Answer:
In adult organisms the regenerative capacity of certain organs or tissues can be limited, resulting in an important clinical challenge for physicians and scientists [1-3].
Regeneration involves the capacity for renewal or recomposition of tissues, organs or even organisms, after considerable physical injury or damage, resulting from pathologies, tumors, congenital diseases or traumas, for example. As a consequence of tissue regeneration, both the composition and the tissue properties are restored, and the newly formed tissue is highly similar to the original tissue. The regenerative capacity is directly related to the presence of stem cells or progenitor cells, which are capable of proliferation and differentiation [4,5]. Tissues that maintain a high proliferative capacity, such as the hematopoietic system, have regenerative capacity even in adult organisms [6].
Cell proliferation occurs in repair processes in general, accompanied by intense production of extracellular matrix, with large amounts of collagen, resulting in the formation of fibrous tissue to occupy the injured area. Although there is lesion filling, both the composition and the tissue properties are different from the original tissue, and the tissue organization pattern is not restored, leading to an altered performance of its functions [2]. Skin healing processes with the presence of scars are examples of tissue repair [3].
Besides the natural processes of regeneration and repair, it is possible, through medical intervention, to fill lesions with natural or synthetic materials, aiming at the recovery of the compromised area, and conferring certain properties to the tissue, avoiding, for example, exacerbation of the initial lesion or the evolution of degenerative processes [1,7].
The three approaches can be used in tissue engineering, targeting regenerative medicine, as they allow the recovery of compromised areas in different degrees. However, the primary objective is regeneration, recomposition of the original tissue and resumption of the biomechanical and molecular properties, with the normal performance of their functions [1,7-8].

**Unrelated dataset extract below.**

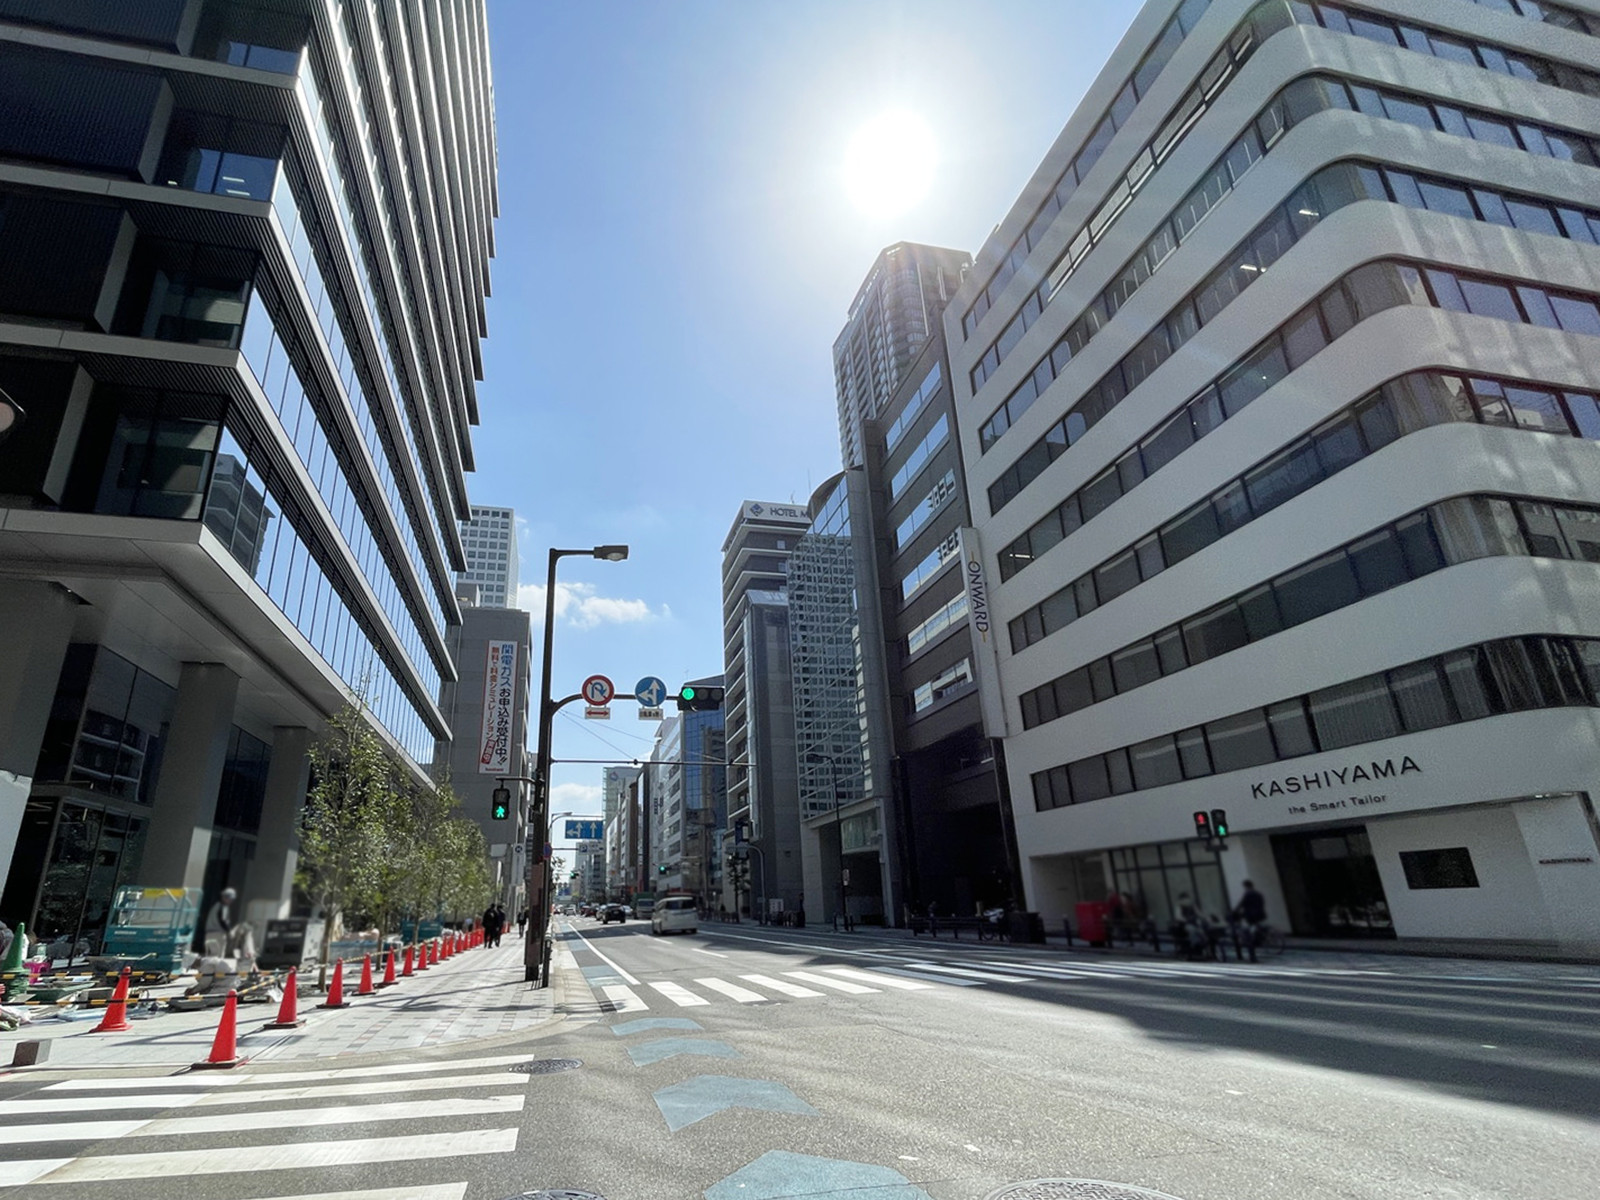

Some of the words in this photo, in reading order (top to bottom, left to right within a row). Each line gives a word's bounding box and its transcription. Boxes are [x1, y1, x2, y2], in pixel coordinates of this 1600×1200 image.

Tissue regeneration involves cell recruitment, growth, proliferation and differentiation, with the latter representing a crucial stage for the success of regeneration, avoiding the formation of fibrous tissue characteristic of the repair [9-12]. Tissues with greater regenerative capacity, such as the skin and liver, intrinsically present cells able to migrate to occupy the affected region, and the same cells maintain the proliferative capacity, enabling occupation of the lesion [3]. In other tissues the regenerative capacity is even more impaired. In the cartilage, for example, the cells remain embedded in the extracellular matrix, and the absence of blood vessels inhibits the presence of other types of component cell in the tissue; even the cell migration and proliferation processes are compromised. In general, regeneration and repair processes do not occur naturally in these cases, requiring surgical intervention to stimulate the subchondral bone marrow, thus enabling the presence of cells capable of tissue repair in the compromised area [13]. Other scientific techniques and methodologies seek alternatives to enable the processes both of repair and of tissue regeneration [9-12,14-16].
Anyhow the final stage of the abovementioned processes, cell differentiation, is critical. An understanding of the mechanisms that lead to the differentiation process in adult organisms allows the proposition of improvements in existing technologies and of alternatives geared towards the optimization of guided tissue regeneration processes, in regenerative medicine.